Saddle the Wind.

 

The spooky storm held a dark secret. Few people imagined the thunderstorm that wrought havoc to an isolated church on an ancient road could stretch across three hundred and sixty-two -years. Resolving a terrible injustice restoring balance to a divided community. The unforgettable date is Sunday, October 21, 1638. The church. Widecombe’s St Pancras.

That night the storm struck, thunder, lightning, tears at the roof. A fireball blasts open a window, rebounds through the church. Outside, the vicar George Lyde’s horse is sucked up and disappears into the night. Its scorched Saddle ripped off, tumbling through the night, eventually crashing into Buckfast Abbey’s roof.

Another stallion at the church pinnacles gallops off with two mounted riders; one-a, a gambler clutches his playing cards. He drops four aces; four fields resemble; a diamond, heart, spade, and club near the ancient public house whose log fire has burnt since. The other rider is said to be the devil (maybe use just an unsavory character). Both horses have scorch marks on their backs now rumored to be immortal, roaming Dartmoor’s desolate windswept regions.

Then fate takes a hand after farmer Bill Elliott buys an old saddle at the Abbey fundraising day from local vet Elizabeth-a relative of the vicar that day; she has moved from America, taking up her inheritance. (A US lady for the American audience) Bill gives this Saddle to his 12-year-old granddaughter, Amanda, who doesn’t like this old style with scorch marks. And the other Saddle? Some say it does not exist, and some are certain it does. So who can we believe?

Centuries ago, Elliott’s were the most extensive landowners on Dartmoor. How the Rogers got it; has irked every Elliott generation since. Bill’s sure the Rogers ‘stole’ their estate centuries ago, but his investigations stall when foot and mouth strikes. With years of low returns, Bill faces foreclosure.

When Amanda and horse Ebony jump at the Widecombe fair, she cannot have known how an innocent event can throw up a seemingly unrelated spatter of malicious scheming, sheer magic, and a mystery that’s entangled her family for generations.

It was another stormy night, October 21, 2000, when two horses appear a mare in foal at Elizabeth’s and a stallion at Bill’s farm. A scorch mark appears as the mare gives birth; the colt has the same scorches in the same place. Bill lays the Saddle on the horse; the scorches line up. The stallion bears the identical placed scorch mark.

Amanda discovers her Saddle flies when sitting in it, her thoughts guiding it.

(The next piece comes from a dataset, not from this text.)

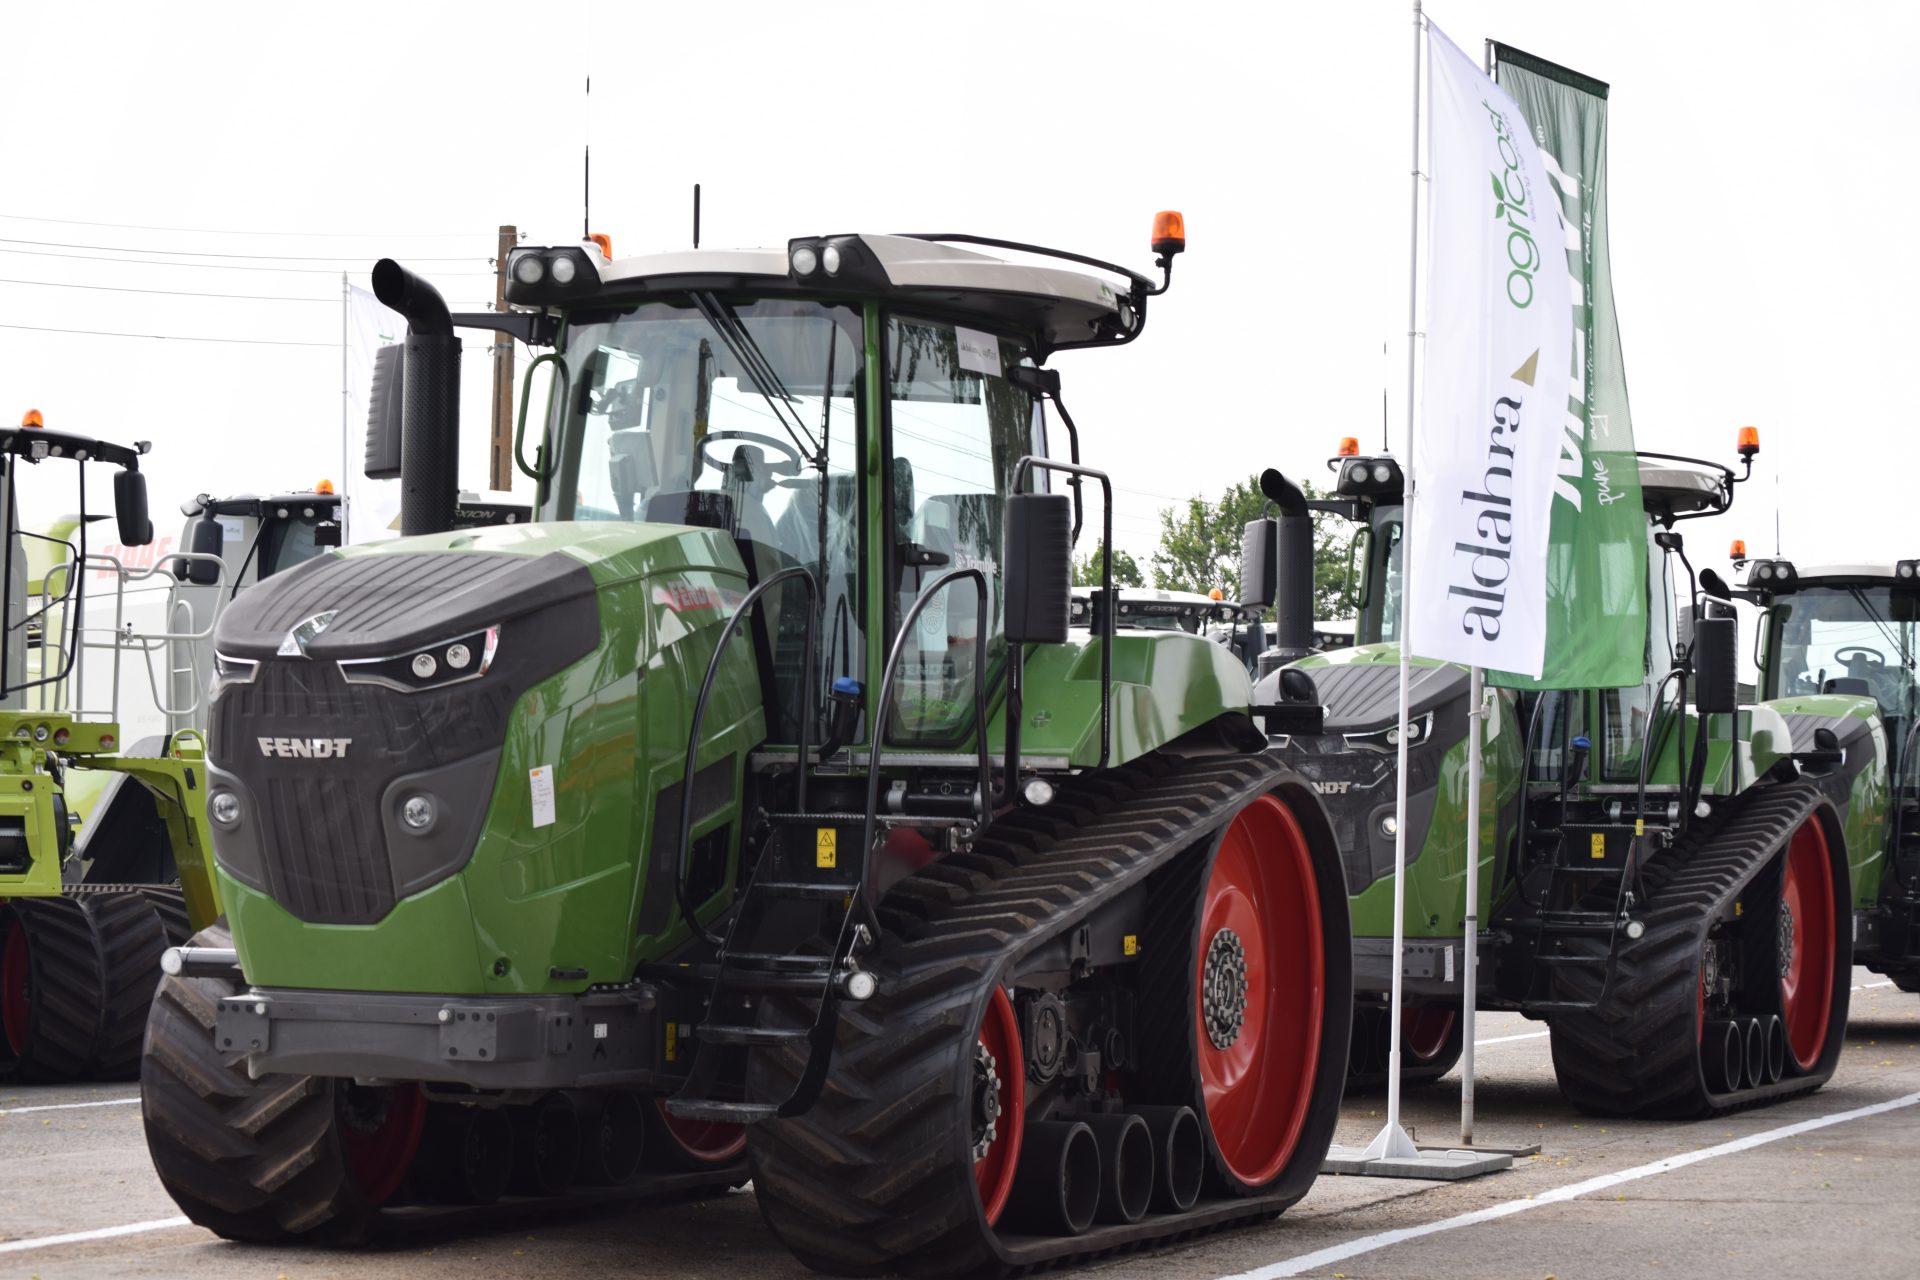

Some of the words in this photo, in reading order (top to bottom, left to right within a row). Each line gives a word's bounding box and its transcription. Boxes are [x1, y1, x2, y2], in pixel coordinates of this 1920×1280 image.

On Ebony’s back, Ebony’s hooves glide above the ground. Amanda can win with the race; will she use her Saddle? Tempting, as landowners, Penelope Roger’s father spends a fortune with her trainer and mount Hellfire.

One day, Ebony takes off, stopping at the castle ruin on Roger’s land – once the home of ancestor Buery. Rogers charges him for holding up their stagecoach. The Rogers threatens small tenanted farmers who farm on his property. Found guilty, Buery gets ten years and loses his estate.

The mounted ghost of alleged highwayman ancestor Buery leads Amanda to a fallen headstone at the castle ruin, then Buery and his horse fade away. His horse is identical to the stallion that appeared at Bill’s. Folklore says Buery took a fortune and his title deeds to his grave. One evening, Amanda takes Bill and Holly to the headstone; Bill digs and finds an oak chest. Inside are family treasures and land deeds.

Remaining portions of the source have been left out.